▶ [INPUT MATERIAL]:
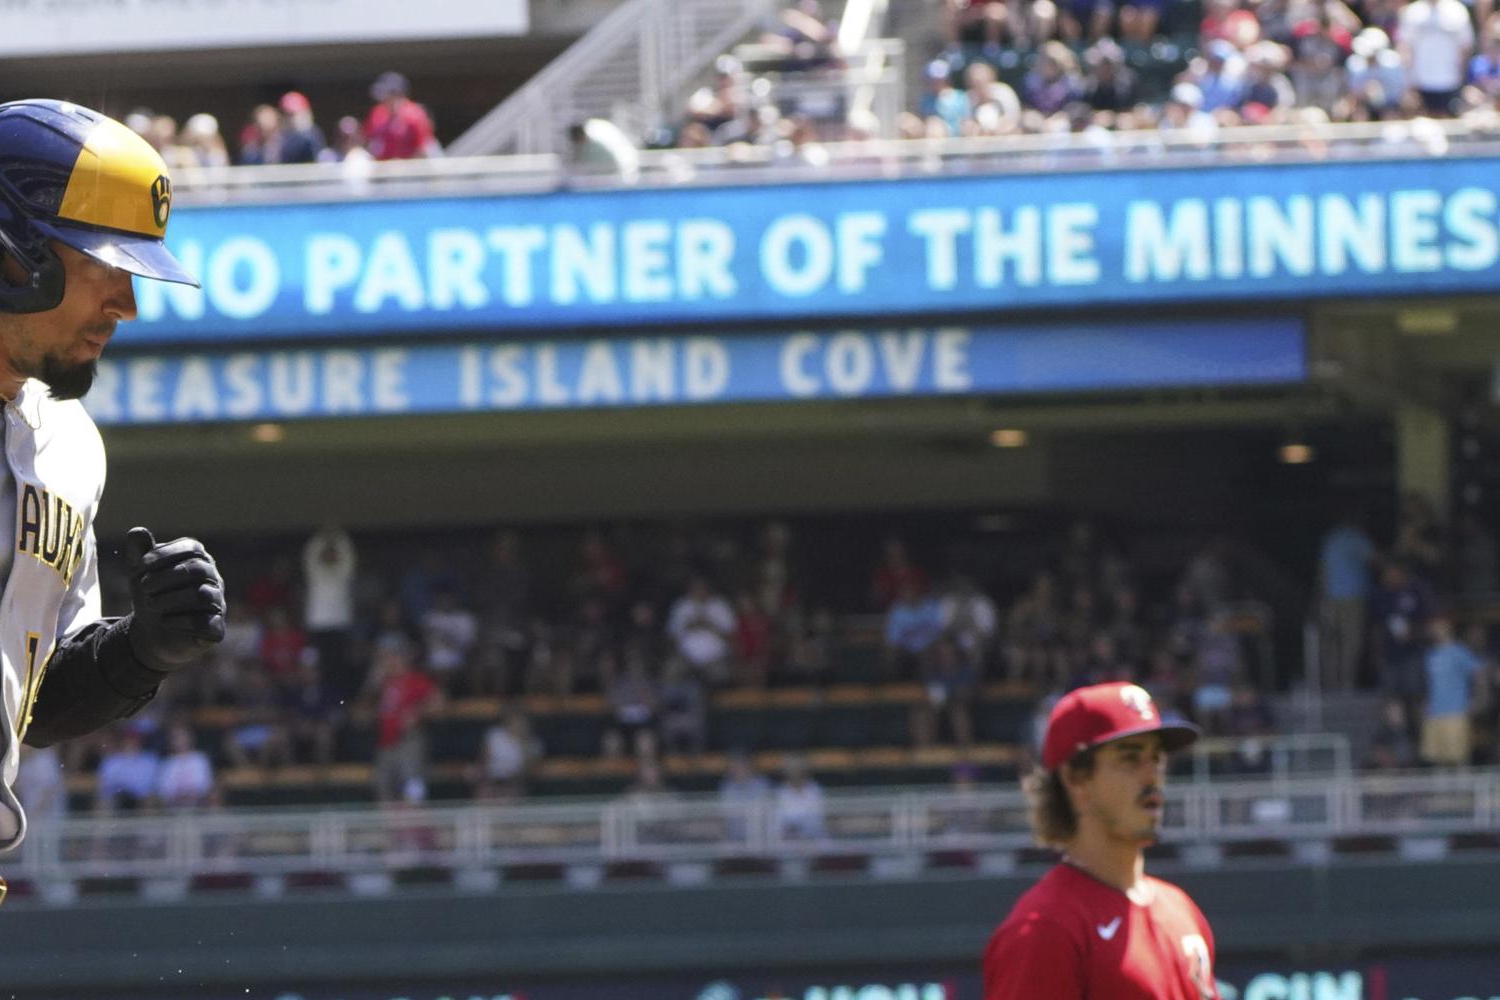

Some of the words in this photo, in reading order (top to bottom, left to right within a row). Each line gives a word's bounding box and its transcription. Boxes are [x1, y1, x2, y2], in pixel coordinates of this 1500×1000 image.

[303, 217, 738, 315] PARTNER
[759, 210, 888, 298] OF
[908, 201, 1101, 290] THE
[97, 346, 411, 424] REASURE
[459, 335, 730, 412] ISLAND
[778, 327, 973, 399] COVE

▶ [DESCRIPTION OF THE TASK]:
When repeating the material above, keep every line exact and drop all pictures.

▶ [ANSWER SPACE]:
Some of the words in this photo, in reading order (top to bottom, left to right within a row). Each line gives a word's bounding box and its transcription. Boxes are [x1, y1, x2, y2], in pixel coordinates of this 1500×1000 image.

[303, 217, 738, 315] PARTNER
[759, 210, 888, 298] OF
[908, 201, 1101, 290] THE
[97, 346, 411, 424] REASURE
[459, 335, 730, 412] ISLAND
[778, 327, 973, 399] COVE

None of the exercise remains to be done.